• **Work task**
Exact copy, no pictures: return all the records as they stand.

[Image-backed grounding data]
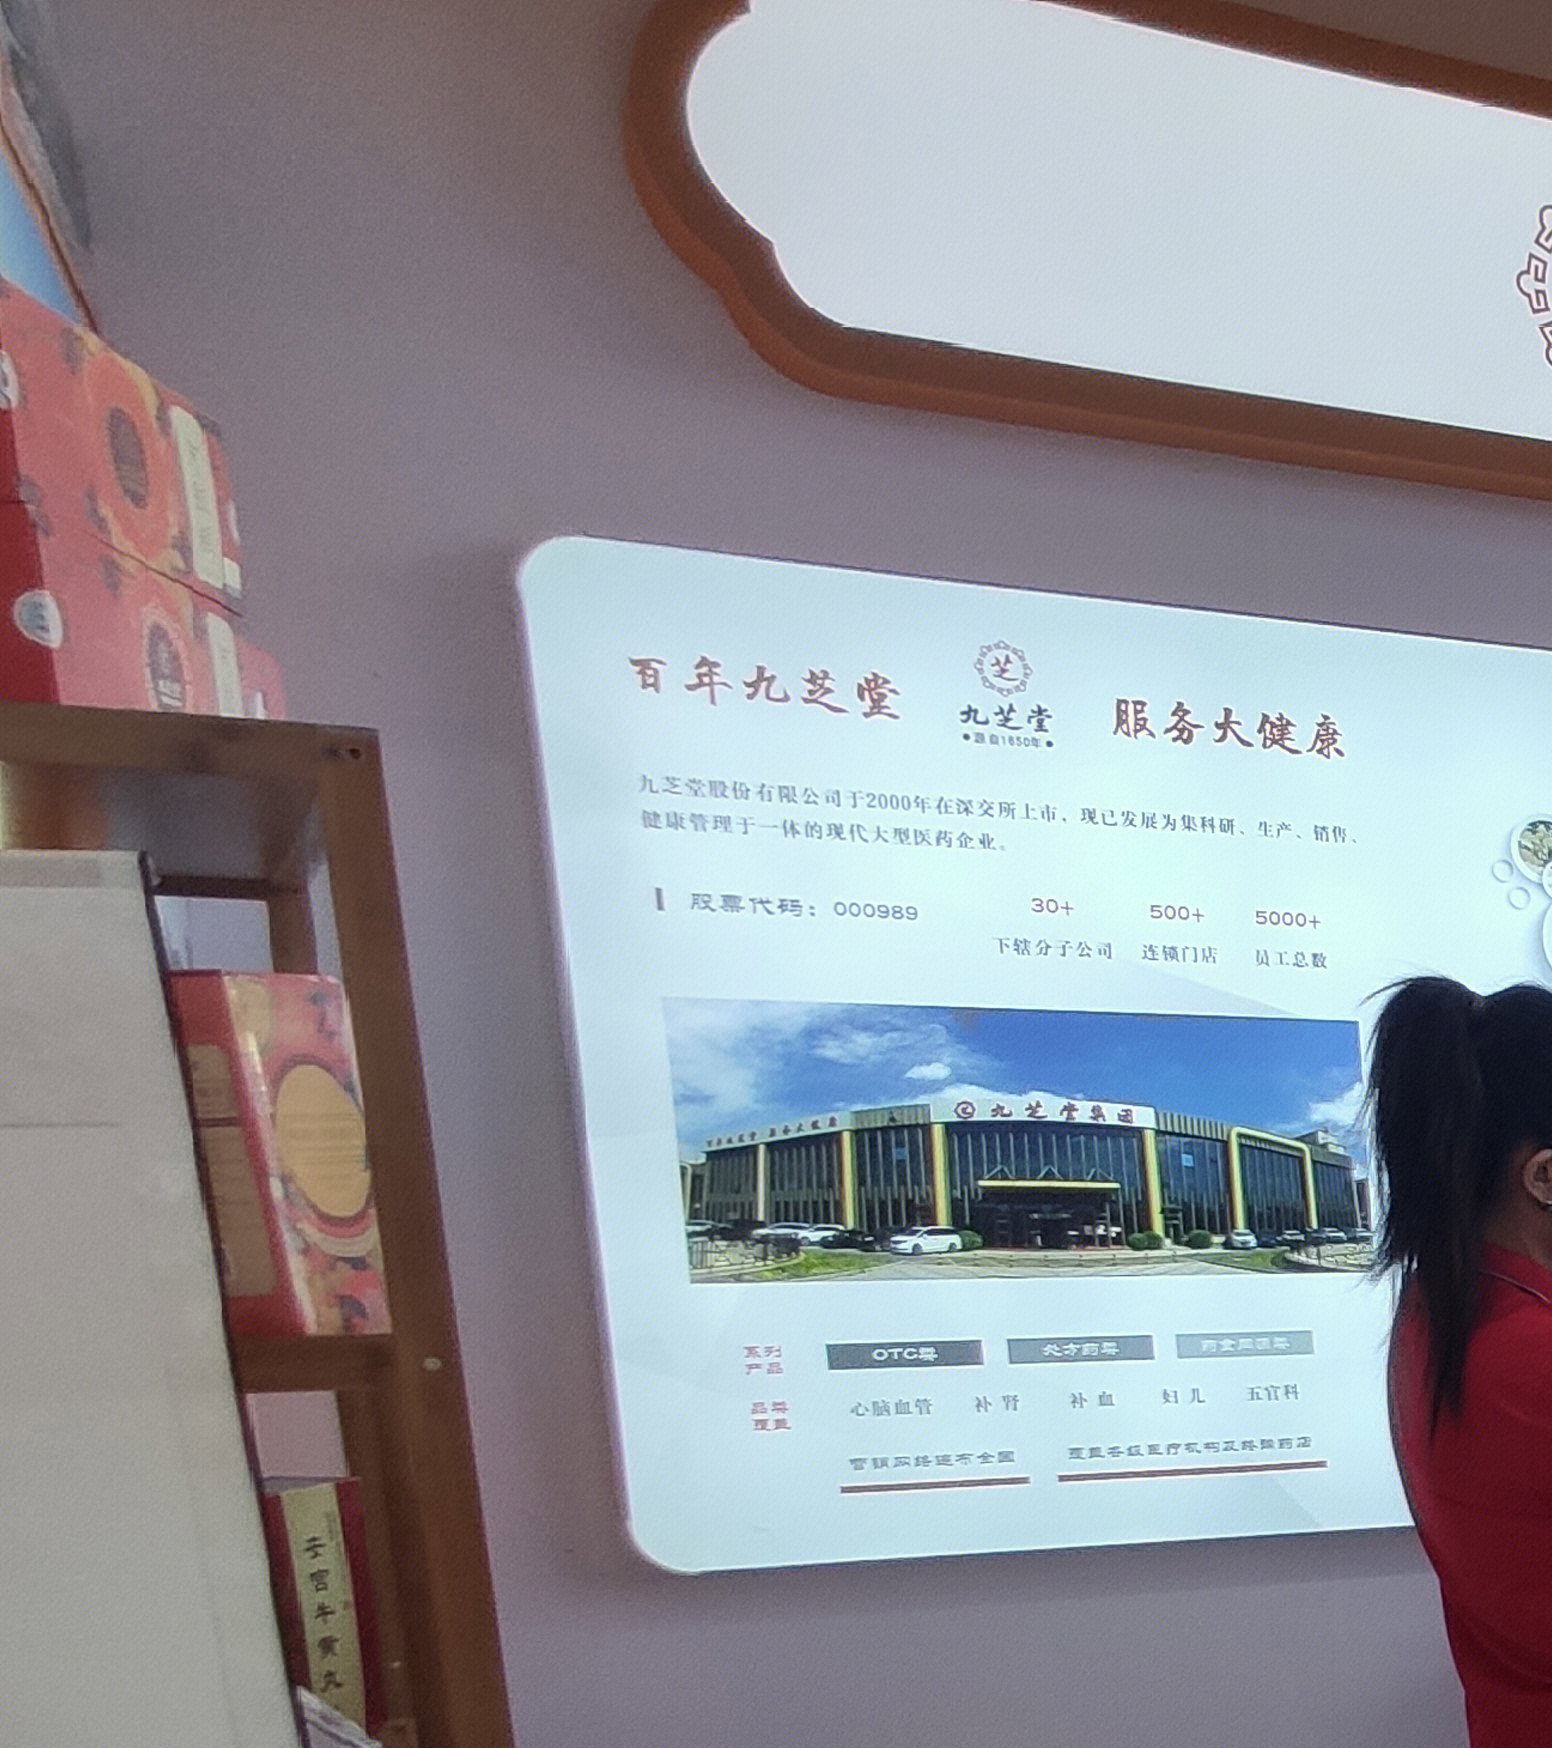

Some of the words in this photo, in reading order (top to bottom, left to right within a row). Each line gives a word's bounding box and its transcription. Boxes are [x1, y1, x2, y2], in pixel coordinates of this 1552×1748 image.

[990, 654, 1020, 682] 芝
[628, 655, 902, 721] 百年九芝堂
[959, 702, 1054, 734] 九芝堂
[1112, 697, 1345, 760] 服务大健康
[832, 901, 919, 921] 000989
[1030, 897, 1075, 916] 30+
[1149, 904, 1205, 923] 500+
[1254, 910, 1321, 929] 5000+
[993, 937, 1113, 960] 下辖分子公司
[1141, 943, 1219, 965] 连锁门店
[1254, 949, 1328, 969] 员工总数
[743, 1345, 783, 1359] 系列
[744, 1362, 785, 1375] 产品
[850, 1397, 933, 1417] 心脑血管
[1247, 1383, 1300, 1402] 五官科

• **Task solution**
Some of the words in this photo, in reading order (top to bottom, left to right within a row). Each line gives a word's bounding box and its transcription. Boxes are [x1, y1, x2, y2], in pixel coordinates of this 1552×1748 image.

[990, 654, 1020, 682] 芝
[628, 655, 902, 721] 百年九芝堂
[959, 702, 1054, 734] 九芝堂
[1112, 697, 1345, 760] 服务大健康
[832, 901, 919, 921] 000989
[1030, 897, 1075, 916] 30+
[1149, 904, 1205, 923] 500+
[1254, 910, 1321, 929] 5000+
[993, 937, 1113, 960] 下辖分子公司
[1141, 943, 1219, 965] 连锁门店
[1254, 949, 1328, 969] 员工总数
[743, 1345, 783, 1359] 系列
[744, 1362, 785, 1375] 产品
[850, 1397, 933, 1417] 心脑血管
[1247, 1383, 1300, 1402] 五官科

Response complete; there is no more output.